GOAL OF THE EXERCISE:
All entries below need to be written out exactly, but without their pictures.

(Referring expression grounding data)
━━━━━━━━━━━━━━━━━━━━━━━━━━━━━━
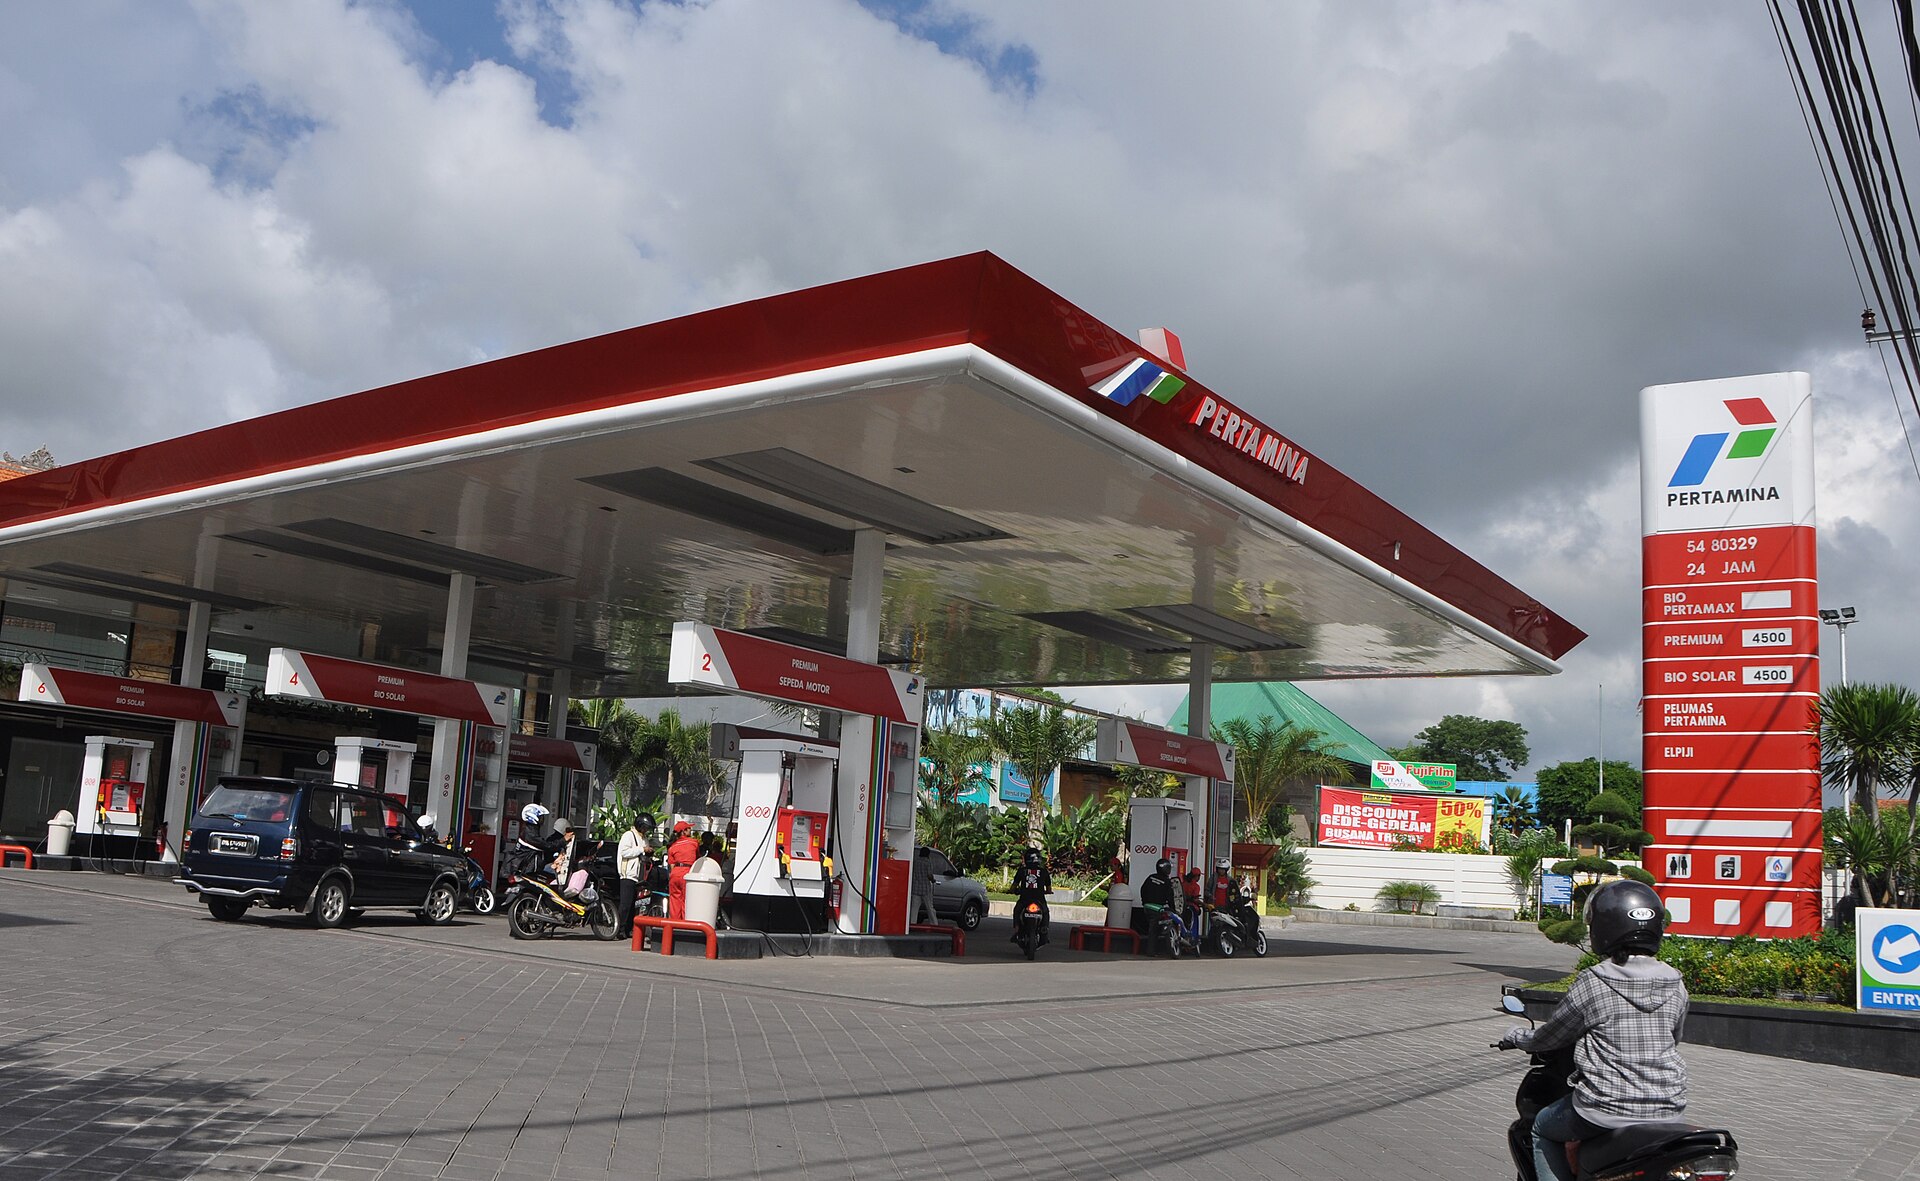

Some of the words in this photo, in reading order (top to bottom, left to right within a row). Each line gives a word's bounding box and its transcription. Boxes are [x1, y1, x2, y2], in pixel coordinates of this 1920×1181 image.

[1193, 395, 1309, 486] PERTAMINA
[1667, 486, 1780, 507] PERTAMINA
[1686, 539, 1705, 553] 54
[1710, 536, 1758, 552] 80329
[1686, 562, 1706, 576] 24
[1721, 560, 1756, 575] JAM
[1663, 592, 1687, 604] BIO
[1663, 602, 1735, 616] PERTAMAX
[1663, 633, 1724, 646] PREMIUM
[1752, 632, 1786, 643] 4500
[702, 653, 711, 672] 2
[791, 658, 819, 673] PREMIUM
[289, 671, 299, 687] 4
[377, 675, 405, 686] PREMIUM
[1664, 671, 1687, 683] BIO
[1692, 670, 1736, 682] SOLAR
[1753, 670, 1787, 681] 4500
[37, 682, 46, 694] 6
[120, 685, 145, 694] PREMIUM
[779, 676, 804, 690] SEPEDA
[805, 681, 830, 694] MOTOR
[116, 697, 126, 705] BIO
[127, 699, 145, 707] SOLAR
[373, 690, 385, 699] BIO
[385, 692, 406, 702] SOLAR
[1664, 702, 1714, 714] PELUMAS
[1664, 715, 1727, 727] PERTAMINA
[728, 740, 735, 752] 3
[1119, 740, 1124, 753] 1
[1664, 747, 1694, 758] ELPIJI
[1405, 764, 1455, 778] FujiFilm
[1333, 803, 1420, 821] DISCOUNT
[1441, 801, 1482, 818] 50%
[1320, 813, 1432, 834] GEDE-GEDEAN
[1325, 827, 1375, 841] BUSANA
[1872, 991, 1920, 1006] ENTRY
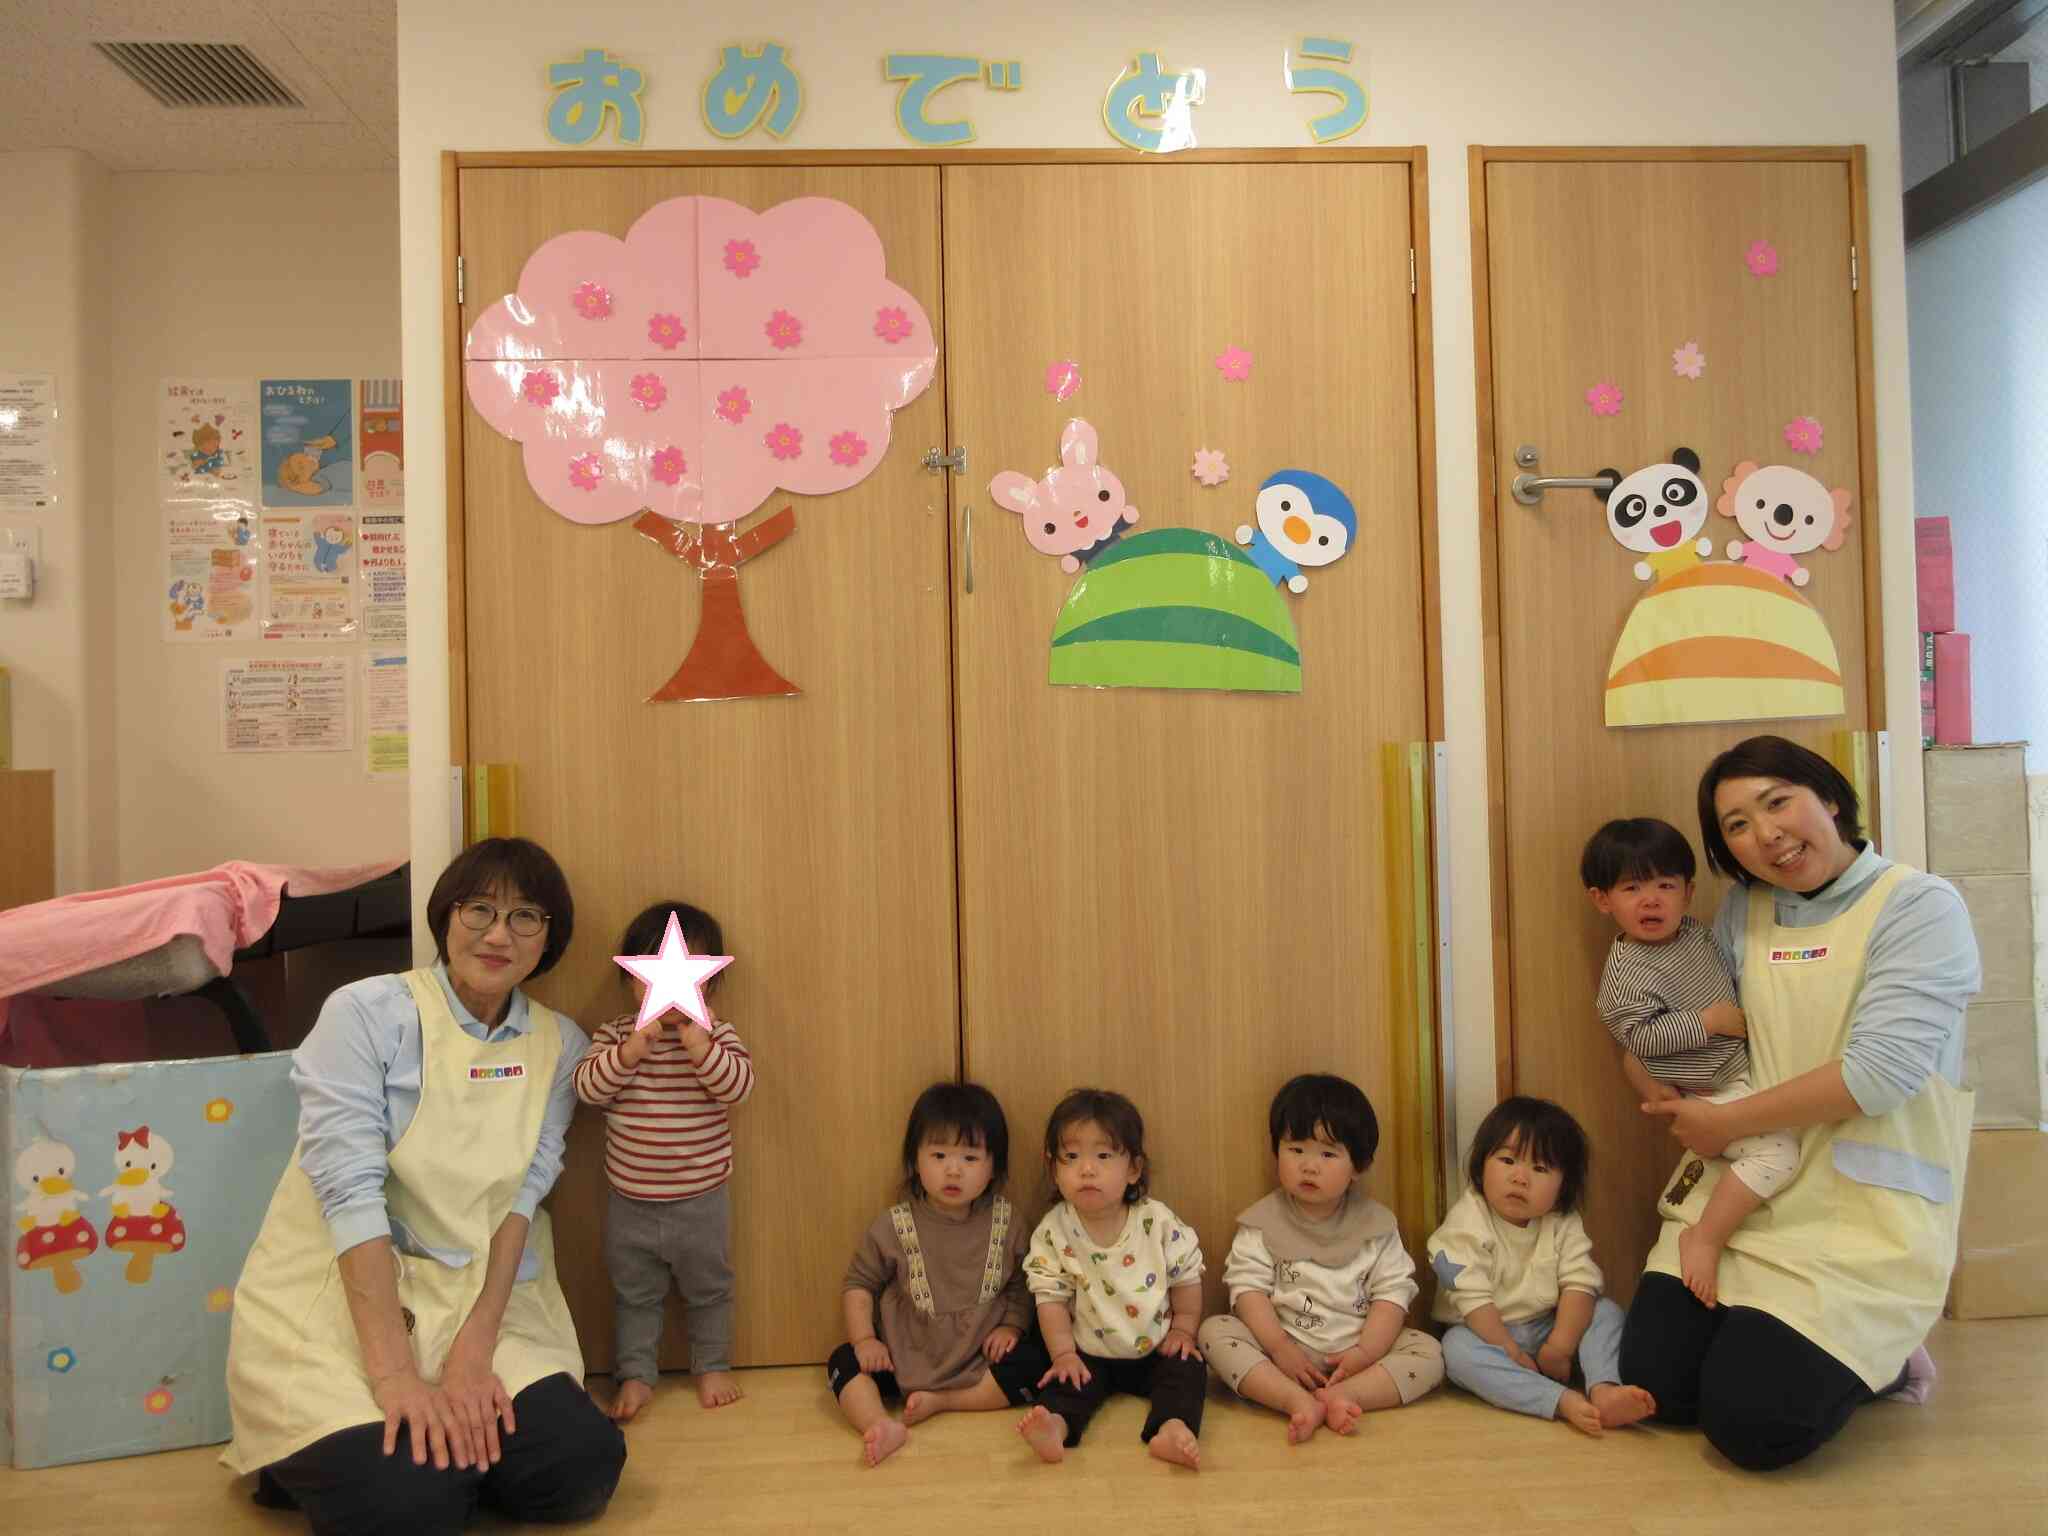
━━━━━━━━━━━━━━━━━━━━━━━━━━━━━━
TASK OUTPUT:
Some of the words in this photo, in reading order (top to bottom, left to right within a row). Each line gives a word's bounding box and its transcription. Boxes are [x1, y1, x2, y2], in pixel coordinates of this 1920×1181 image.

[1193, 395, 1309, 486] PERTAMINA
[1667, 486, 1780, 507] PERTAMINA
[1686, 539, 1705, 553] 54
[1710, 536, 1758, 552] 80329
[1686, 562, 1706, 576] 24
[1721, 560, 1756, 575] JAM
[1663, 592, 1687, 604] BIO
[1663, 602, 1735, 616] PERTAMAX
[1663, 633, 1724, 646] PREMIUM
[1752, 632, 1786, 643] 4500
[702, 653, 711, 672] 2
[791, 658, 819, 673] PREMIUM
[289, 671, 299, 687] 4
[377, 675, 405, 686] PREMIUM
[1664, 671, 1687, 683] BIO
[1692, 670, 1736, 682] SOLAR
[1753, 670, 1787, 681] 4500
[37, 682, 46, 694] 6
[120, 685, 145, 694] PREMIUM
[779, 676, 804, 690] SEPEDA
[805, 681, 830, 694] MOTOR
[116, 697, 126, 705] BIO
[127, 699, 145, 707] SOLAR
[373, 690, 385, 699] BIO
[385, 692, 406, 702] SOLAR
[1664, 702, 1714, 714] PELUMAS
[1664, 715, 1727, 727] PERTAMINA
[728, 740, 735, 752] 3
[1119, 740, 1124, 753] 1
[1664, 747, 1694, 758] ELPIJI
[1405, 764, 1455, 778] FujiFilm
[1333, 803, 1420, 821] DISCOUNT
[1441, 801, 1482, 818] 50%
[1320, 813, 1432, 834] GEDE-GEDEAN
[1325, 827, 1375, 841] BUSANA
[1872, 991, 1920, 1006] ENTRY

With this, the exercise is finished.